## Task prompt
Copy out each line of the material in which the word "reading" appears.

## Records
+===+

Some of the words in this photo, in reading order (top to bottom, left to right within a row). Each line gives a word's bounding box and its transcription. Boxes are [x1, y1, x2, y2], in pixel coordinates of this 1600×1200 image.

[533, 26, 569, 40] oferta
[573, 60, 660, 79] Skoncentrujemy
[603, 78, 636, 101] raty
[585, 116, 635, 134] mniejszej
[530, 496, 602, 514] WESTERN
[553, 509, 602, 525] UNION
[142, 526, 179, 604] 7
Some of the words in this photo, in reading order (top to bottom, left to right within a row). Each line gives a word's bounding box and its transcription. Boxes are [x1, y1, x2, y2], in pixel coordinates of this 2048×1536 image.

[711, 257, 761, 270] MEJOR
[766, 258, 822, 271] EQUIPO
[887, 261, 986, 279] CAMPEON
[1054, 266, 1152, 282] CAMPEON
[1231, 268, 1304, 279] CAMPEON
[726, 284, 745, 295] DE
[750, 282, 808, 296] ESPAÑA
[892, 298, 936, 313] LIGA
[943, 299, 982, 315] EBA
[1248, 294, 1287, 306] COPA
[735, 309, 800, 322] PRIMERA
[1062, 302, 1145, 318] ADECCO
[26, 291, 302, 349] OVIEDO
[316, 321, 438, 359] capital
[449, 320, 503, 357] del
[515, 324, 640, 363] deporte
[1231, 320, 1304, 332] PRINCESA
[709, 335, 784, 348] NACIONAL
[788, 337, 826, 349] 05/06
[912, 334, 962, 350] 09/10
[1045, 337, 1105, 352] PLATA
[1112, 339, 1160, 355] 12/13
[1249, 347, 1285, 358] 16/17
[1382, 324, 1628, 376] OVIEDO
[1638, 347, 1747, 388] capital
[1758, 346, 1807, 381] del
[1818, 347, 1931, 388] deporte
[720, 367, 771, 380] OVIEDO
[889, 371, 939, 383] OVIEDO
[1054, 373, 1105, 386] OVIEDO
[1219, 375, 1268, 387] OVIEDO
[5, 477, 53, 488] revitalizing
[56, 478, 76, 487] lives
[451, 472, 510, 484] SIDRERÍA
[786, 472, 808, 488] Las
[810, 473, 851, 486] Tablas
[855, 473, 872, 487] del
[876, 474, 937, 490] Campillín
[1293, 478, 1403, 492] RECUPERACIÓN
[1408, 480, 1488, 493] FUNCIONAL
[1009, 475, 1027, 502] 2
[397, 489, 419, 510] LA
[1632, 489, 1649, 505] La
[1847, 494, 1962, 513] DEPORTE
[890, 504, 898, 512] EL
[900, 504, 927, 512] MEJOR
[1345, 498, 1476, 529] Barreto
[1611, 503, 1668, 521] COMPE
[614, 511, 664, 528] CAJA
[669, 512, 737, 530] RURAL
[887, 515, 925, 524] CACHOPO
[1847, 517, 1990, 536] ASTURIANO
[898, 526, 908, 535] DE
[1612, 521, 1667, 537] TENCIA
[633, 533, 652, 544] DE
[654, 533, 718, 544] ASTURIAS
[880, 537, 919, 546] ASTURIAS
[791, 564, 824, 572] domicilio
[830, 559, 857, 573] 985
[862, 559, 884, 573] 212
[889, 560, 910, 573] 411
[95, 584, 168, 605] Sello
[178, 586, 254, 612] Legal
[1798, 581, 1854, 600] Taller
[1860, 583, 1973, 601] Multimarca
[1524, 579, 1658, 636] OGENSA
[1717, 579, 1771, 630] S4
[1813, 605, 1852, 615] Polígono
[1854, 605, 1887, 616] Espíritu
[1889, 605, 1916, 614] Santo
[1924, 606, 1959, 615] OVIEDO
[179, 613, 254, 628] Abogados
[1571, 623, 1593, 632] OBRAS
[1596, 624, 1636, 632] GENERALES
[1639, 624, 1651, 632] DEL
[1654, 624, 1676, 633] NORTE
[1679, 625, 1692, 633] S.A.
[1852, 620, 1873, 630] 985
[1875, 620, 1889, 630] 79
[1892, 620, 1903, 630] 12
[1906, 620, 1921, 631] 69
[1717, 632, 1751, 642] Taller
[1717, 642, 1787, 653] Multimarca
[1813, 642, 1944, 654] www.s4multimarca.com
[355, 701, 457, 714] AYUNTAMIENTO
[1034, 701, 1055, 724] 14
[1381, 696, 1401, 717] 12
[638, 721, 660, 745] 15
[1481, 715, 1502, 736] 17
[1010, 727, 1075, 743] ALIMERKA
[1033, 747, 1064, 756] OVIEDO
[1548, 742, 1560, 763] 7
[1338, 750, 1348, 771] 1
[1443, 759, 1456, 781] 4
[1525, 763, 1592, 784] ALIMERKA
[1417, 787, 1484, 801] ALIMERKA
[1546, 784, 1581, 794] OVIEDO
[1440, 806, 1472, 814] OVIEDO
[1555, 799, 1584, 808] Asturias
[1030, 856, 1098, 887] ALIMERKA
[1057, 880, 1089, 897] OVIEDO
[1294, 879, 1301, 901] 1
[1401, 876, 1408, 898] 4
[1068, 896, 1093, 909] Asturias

+===+

## Result below
Some of the words in this photo, in reading order (top to bottom, left to right within a row). Each line gives a word's bounding box and its transcription. Boxes are [x1, y1, x2, y2], in pixel coordinates of this 1600×1200 image.
Some of the words in this photo, in reading order (top to bottom, left to right within a row). Each line gives a word's bounding box and its transcription. Boxes are [x1, y1, x2, y2], in pixel coordinates of this 2048×1536 image.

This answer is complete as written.